Stoicism is an intellectually rich and stimulating system, and wonderful therapy against grief, against dwelling on setbacks, and against getting caught up in the chase for fame and fortune and the blinders of the rat race. It reminds us to zoom out from a world of praise, and blame, and status, and cruel things people said on Twitter, and the competition to see made the most sales, or had the most hits, or got the largest raise, all things which can be genuinely emotionally devastating if we let ourselves get too caught up in them. In all those ways stoicism is a great match for Silicon Valley, for Wall Street, also for my world of academia and tenure and their stresses and injustices. It’s also a great match for congresspeople, authors, journalists, actors, entrepreneurs, everyone whose life contains stresses and setbacks and moments when we need help to let us to take a deep breath and let it go. But Cicero was not Voltaire, and did not look at the evils and injustices around him and conclude that he should wield his power to make a fundamentally better world–he focused only on coping with the world as it already was, and fulfilling his duties within it. Stoicism predates the concept of human-generated progress by more than a millennium.
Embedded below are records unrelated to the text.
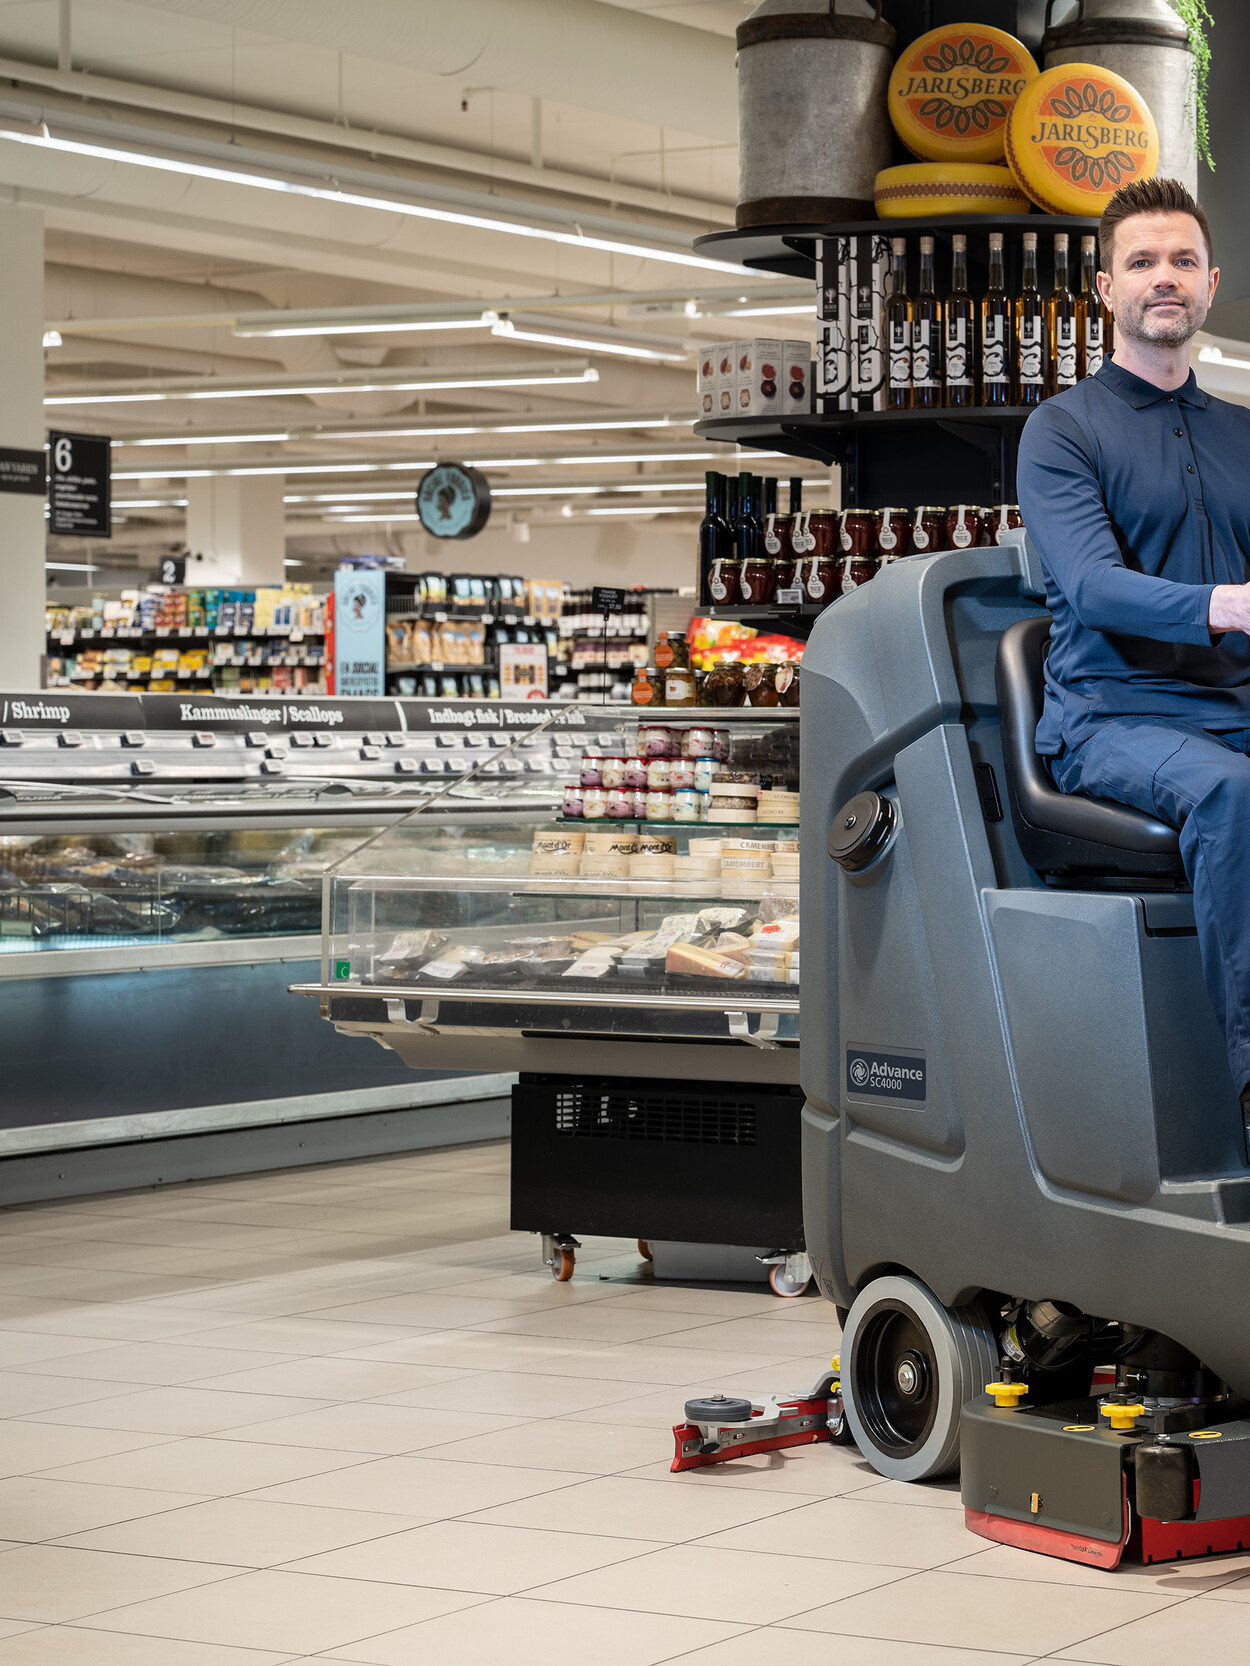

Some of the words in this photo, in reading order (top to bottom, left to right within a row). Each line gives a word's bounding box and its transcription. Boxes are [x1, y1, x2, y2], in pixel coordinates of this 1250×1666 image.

[898, 77, 1026, 100] JARLSBERG
[1031, 122, 1149, 149] JARLSBERG
[55, 438, 73, 472] 6
[162, 560, 176, 584] 2
[11, 701, 71, 723] Shrimp
[180, 704, 281, 725] Kammuslinger
[288, 706, 344, 726] Scallops
[428, 708, 474, 727] Indbagt
[475, 708, 499, 724] fisk
[870, 1061, 923, 1081] Advance
[870, 1076, 902, 1090] SC4000
It doesn’t teach us how to change the terrible aspects of the world, it teaches us how to adapt ourselves to them, and to accept them, presuming that they fundamentally cannot be fixed. But we have two millenia more experience than Seneca. We know many of life’s evils can’t be fixed, but we also know, with human teamwork and the scientific method and a dose of Bacon and Voltaire, some of them can.
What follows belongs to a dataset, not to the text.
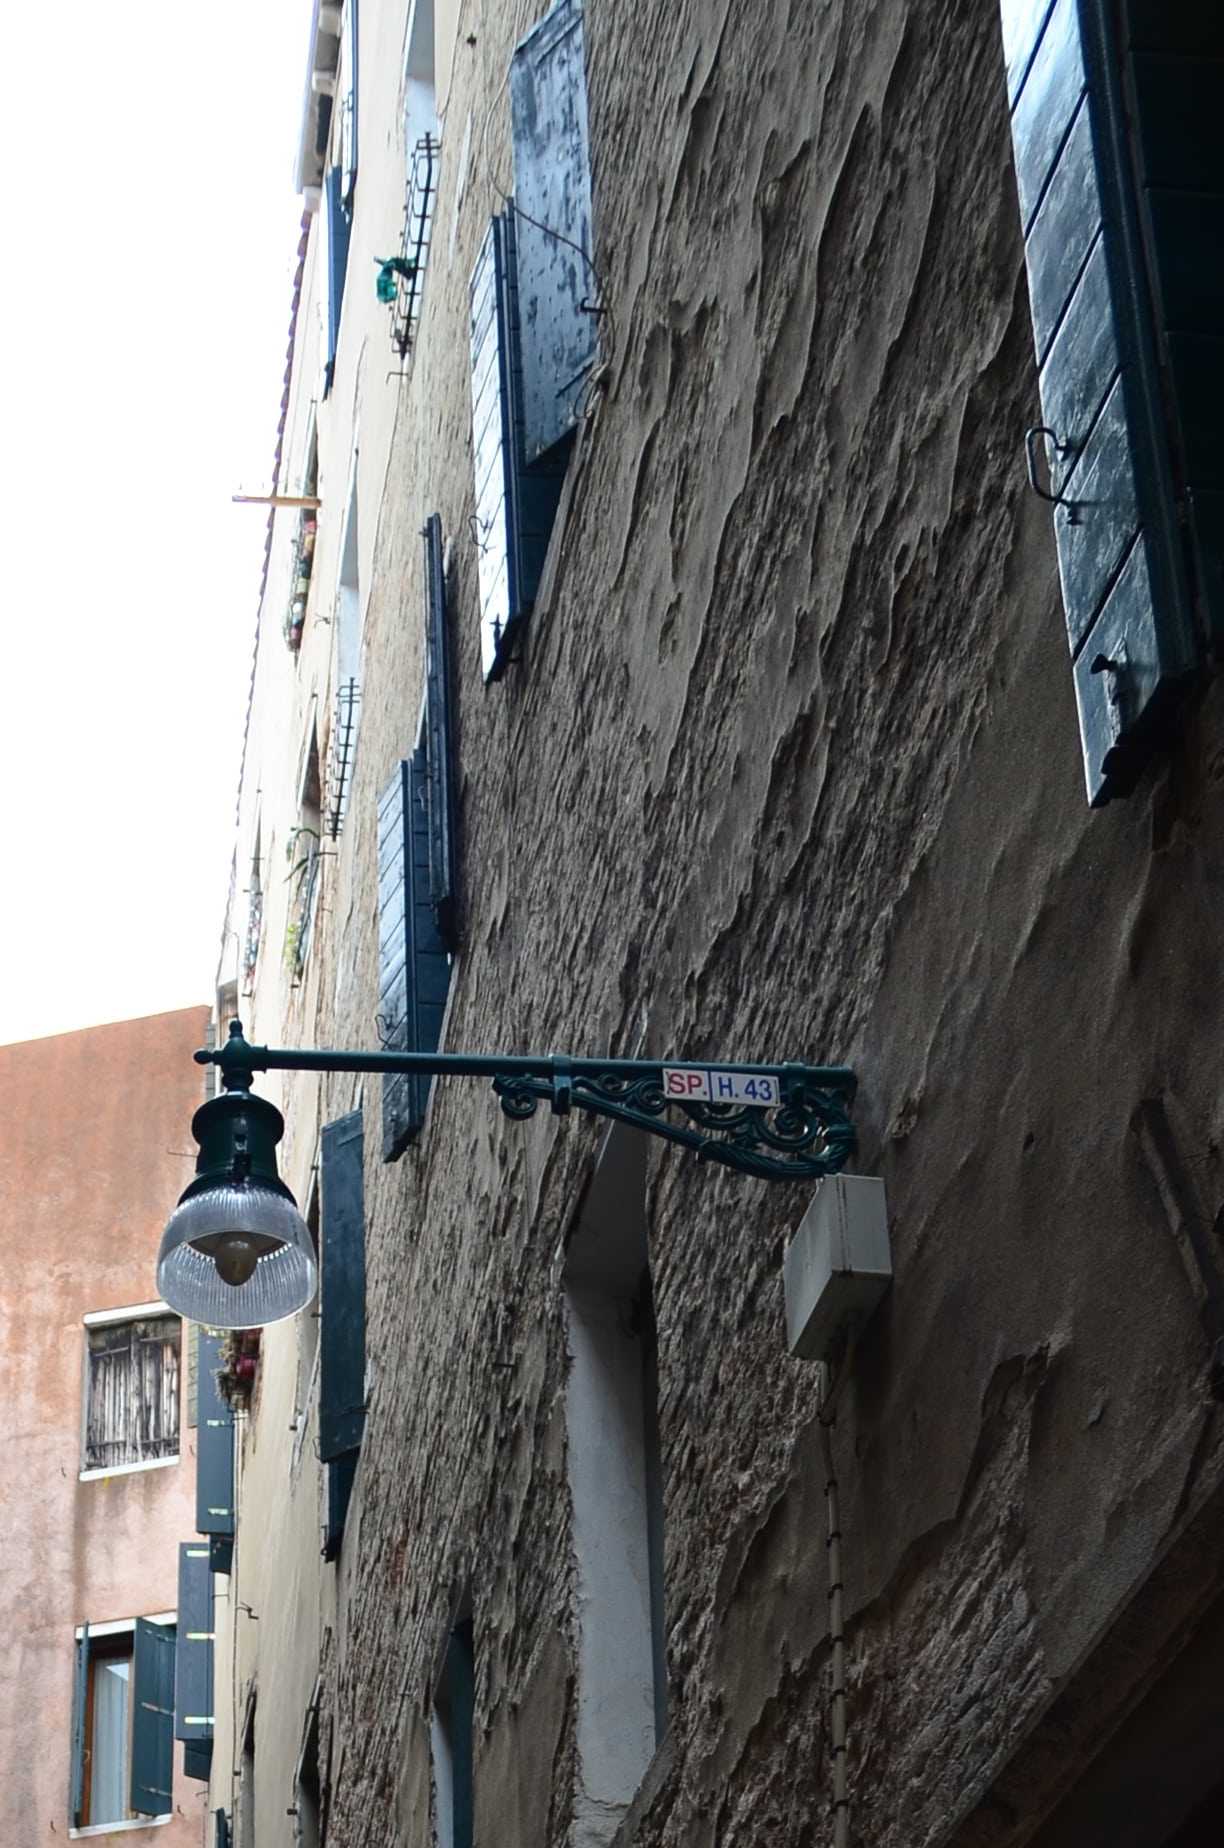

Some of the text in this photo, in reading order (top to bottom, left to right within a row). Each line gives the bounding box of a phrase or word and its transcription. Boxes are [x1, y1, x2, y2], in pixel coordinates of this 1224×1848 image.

[668, 1073, 772, 1100] SP. H. 43
That’s why when I hear that rich, powerful people are into stoicism I think it’s great that people are excited by the idea that we should hold all life sacred and look for meaning beyond wealth and worldly power. I think it’s a great philosophy for anyone, and certainly for those who need help zooming out from a high-stress, high-competition world to think about the human and humane big picture, and to pay more attention to self-care, and loving others. But it also makes me a little wary. Because I think it’s important that we mingle some Voltaire in with our Seneca, and remember that stoicism’s invaluable advice for taking better care of ourselves inside can–if we fail to mix it with other ideas–come with a big blind spot regarding the world outside ourselves, and whether we should change it. An activist can be a stoic–activism absolutely needs some way to help cope with the pain when we pour our hearts and hours into trying to help someone, or pass new legislation, or resist, and fail. For such moments, stoicism is a precious remedy against despair and burn-out, but it doesn’t in itself offer us the impetus toward activism and resistance in the first place. That we need to get from somewhere else.